In other sectors they did not venture with names, but they did ensure that it is likely that the Broad Front will not repeat the first vice presidency nor will it occupy the presidency, given the role that the now vice president Jaime Bassa already had. Within a sector of Approve Dignity they see with good eyes that it could be a pair that complements each other, of different worlds that can enrich the conduction of the CC. In the event that a possible Kast government is installed, several added to the characteristics that they are people with the impetus to confront, decisively and with a “political doll”, possible locations or criticisms.

The constituent DC Fuad Chahin pointed to the need to have “a board of directors where a good technical profile is combined with political experience, so that the conduct of the Convention avoids some unforced errors.” Meanwhile, his counterpart from the Socialist Collective, César Valenzuela, said that “the symbolic is always important, but I think that political ability will be relevant in this new period.”

For her part, the conventional constituent Jennifer Mella, from the Broad Front, argued that the new directive, in addition to generating consensus within the CC, “must have a legitimacy outside the Convention, social, political and that allows it to lead until the signature of the new Constitution “.

Possible strategies

Although the bet is that the work of the CC does not end up being permeated by the elections, several admitted that it is almost inevitable that it will affect. For others, there is an undoubted relationship. The RN constituent Raúl Celis put it this way and, in this sense, detailed that “the best example is that it has been avoided to enter the substantive matters until the end of the second round. That is evident and now there has been a surprising result and it must be assumed by the Convention, in the sense of moderating the content of the Constitution, of seeking major agreements “.

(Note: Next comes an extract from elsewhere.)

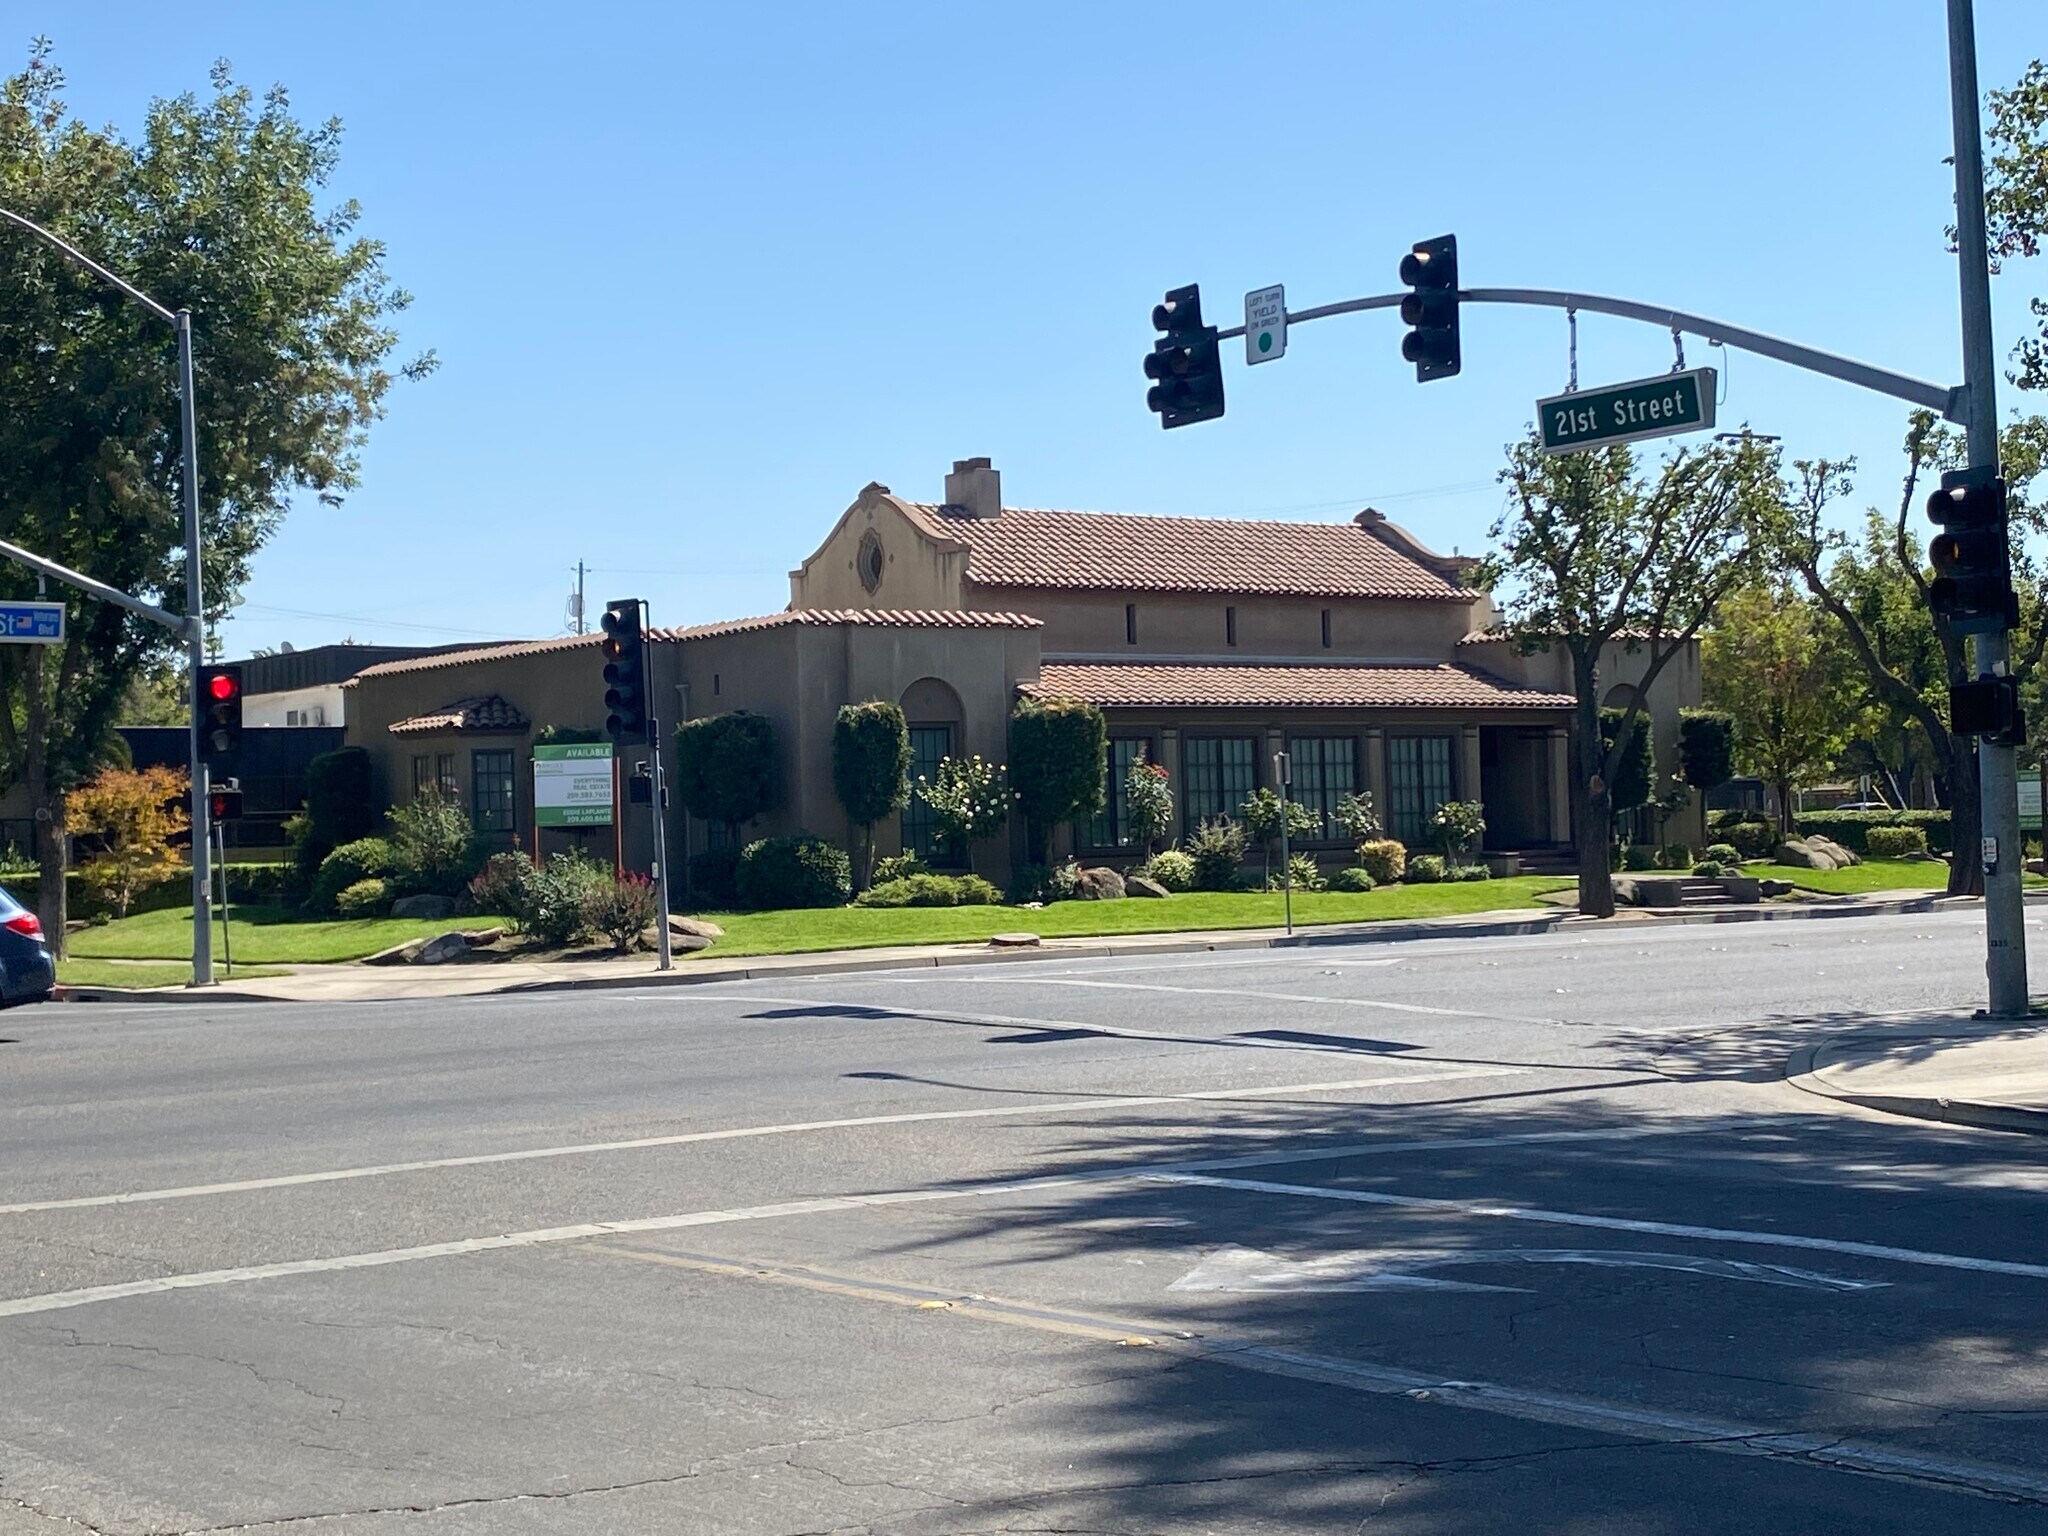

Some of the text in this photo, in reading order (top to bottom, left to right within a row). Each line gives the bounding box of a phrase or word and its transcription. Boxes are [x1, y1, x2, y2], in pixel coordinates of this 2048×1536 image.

[1252, 304, 1277, 318] YIELD
[1555, 390, 1685, 437] 21st Street
[566, 748, 610, 757] AVAILABLE

In his opinion, reaching the maximum possible consensus will be essential to have a successful process, and he aimed not to fall into a conflict with the Executive and the Legislature, because “the risk of the legitimacy of the Constitution is enormous. The result is at risk. of the exit plebiscite, and even if the result is positive, there is a risk that we will end up with a Constitution of low approval of all the potential electorate “.

Another flank that they see as fundamental in the CC is to meet the stipulated deadlines, to prevent criticism from being generated in this line, as has already happened. Even after the president of RN, Francisco Chahuán, stated that “we must not dismiss a priori an extension “.

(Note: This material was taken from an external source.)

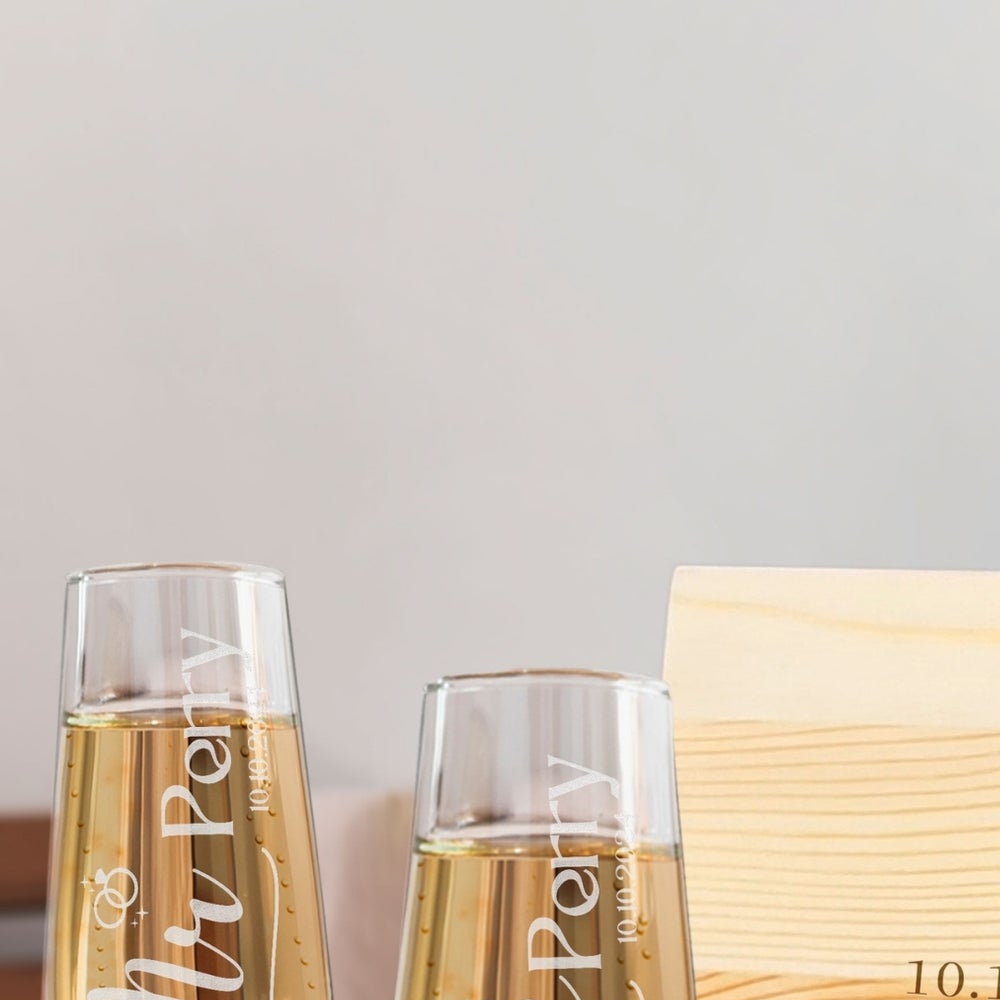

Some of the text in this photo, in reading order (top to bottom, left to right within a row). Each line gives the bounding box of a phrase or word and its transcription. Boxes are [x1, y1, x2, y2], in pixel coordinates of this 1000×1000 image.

“Extending the term of the CC is a trap, because in the end if we give that signal we will end up weakening the image of the Convention before the public opinion,” emphasized Fuad Chahin, who added that a fundamental element will be to advance faster in regulations constitutional laws and “that has a greater sense of realism.” A subject on which the constituent César Valenzuela agreed, who stressed that, when the substantive issues are entered, “the Convention is going to be revitalized.” He added that “the main thing is that we try to avoid unforced errors and, in that sense, meet deadlines.”

Although there is a majority perception that a Kast government could make life difficult for them, and that internal critics like Teresa Marinovic will continue to question the space, the constituents defended tooth and nail the legitimacy of the space per se. Marcos Barraza called on those who have doubts to “make sure that there is a popular mandate ratified at the polls, that it has broad legitimacy, and not to be subjected to the pressure exerted by the right wing and conservatism.”

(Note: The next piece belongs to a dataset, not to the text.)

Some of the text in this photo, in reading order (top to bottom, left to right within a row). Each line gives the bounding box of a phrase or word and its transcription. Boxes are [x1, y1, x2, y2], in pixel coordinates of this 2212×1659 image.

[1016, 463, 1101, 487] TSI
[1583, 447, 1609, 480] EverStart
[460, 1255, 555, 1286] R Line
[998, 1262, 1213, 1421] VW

The communicational issue and that of controversies are also key, especially after hard blows such as Rodrigo Rojas Vade, the discussions by the fake news and questions about expenses.

“The greatest strength that the Convention has is its roots in the people. We must continue to focus on work. The less stridency and public controversy we generate, it will help to continue giving it the social and popular legitimacy that is the Convention’s greatest asset. “, said Ignacio Achurra.

“The best way to protect this process is to carry it out seriously, with a better communication level of what you are doing, but also in the call and how participatory it is,” added Jennifer Mella.